/---
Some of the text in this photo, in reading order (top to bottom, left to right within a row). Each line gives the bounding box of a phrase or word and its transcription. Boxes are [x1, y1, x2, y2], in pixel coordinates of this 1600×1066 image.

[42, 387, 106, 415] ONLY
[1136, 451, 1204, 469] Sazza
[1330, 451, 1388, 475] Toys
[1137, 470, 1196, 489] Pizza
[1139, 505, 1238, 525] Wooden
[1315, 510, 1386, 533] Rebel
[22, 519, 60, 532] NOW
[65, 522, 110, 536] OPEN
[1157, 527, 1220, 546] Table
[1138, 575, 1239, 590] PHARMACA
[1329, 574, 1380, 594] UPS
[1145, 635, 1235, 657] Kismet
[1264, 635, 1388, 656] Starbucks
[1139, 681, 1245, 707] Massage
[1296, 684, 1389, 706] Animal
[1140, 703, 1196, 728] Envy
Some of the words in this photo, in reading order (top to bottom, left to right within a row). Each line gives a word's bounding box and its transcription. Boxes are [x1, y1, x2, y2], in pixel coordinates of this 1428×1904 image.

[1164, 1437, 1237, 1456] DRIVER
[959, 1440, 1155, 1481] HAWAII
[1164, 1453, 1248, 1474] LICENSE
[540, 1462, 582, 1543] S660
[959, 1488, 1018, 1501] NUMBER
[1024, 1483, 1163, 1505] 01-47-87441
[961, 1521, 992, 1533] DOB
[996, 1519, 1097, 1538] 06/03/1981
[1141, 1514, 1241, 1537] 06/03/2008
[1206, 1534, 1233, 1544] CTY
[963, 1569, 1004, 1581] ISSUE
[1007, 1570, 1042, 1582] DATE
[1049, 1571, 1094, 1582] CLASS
\---
• [Exercise details] Retype the lines above, keeping every character.

• [Solution to this task]
Some of the text in this photo, in reading order (top to bottom, left to right within a row). Each line gives the bounding box of a phrase or word and its transcription. Boxes are [x1, y1, x2, y2], in pixel coordinates of this 1600×1066 image.

[42, 387, 106, 415] ONLY
[1136, 451, 1204, 469] Sazza
[1330, 451, 1388, 475] Toys
[1137, 470, 1196, 489] Pizza
[1139, 505, 1238, 525] Wooden
[1315, 510, 1386, 533] Rebel
[22, 519, 60, 532] NOW
[65, 522, 110, 536] OPEN
[1157, 527, 1220, 546] Table
[1138, 575, 1239, 590] PHARMACA
[1329, 574, 1380, 594] UPS
[1145, 635, 1235, 657] Kismet
[1264, 635, 1388, 656] Starbucks
[1139, 681, 1245, 707] Massage
[1296, 684, 1389, 706] Animal
[1140, 703, 1196, 728] Envy
Some of the words in this photo, in reading order (top to bottom, left to right within a row). Each line gives a word's bounding box and its transcription. Boxes are [x1, y1, x2, y2], in pixel coordinates of this 1428×1904 image.

[1164, 1437, 1237, 1456] DRIVER
[959, 1440, 1155, 1481] HAWAII
[1164, 1453, 1248, 1474] LICENSE
[540, 1462, 582, 1543] S660
[959, 1488, 1018, 1501] NUMBER
[1024, 1483, 1163, 1505] 01-47-87441
[961, 1521, 992, 1533] DOB
[996, 1519, 1097, 1538] 06/03/1981
[1141, 1514, 1241, 1537] 06/03/2008
[1206, 1534, 1233, 1544] CTY
[963, 1569, 1004, 1581] ISSUE
[1007, 1570, 1042, 1582] DATE
[1049, 1571, 1094, 1582] CLASS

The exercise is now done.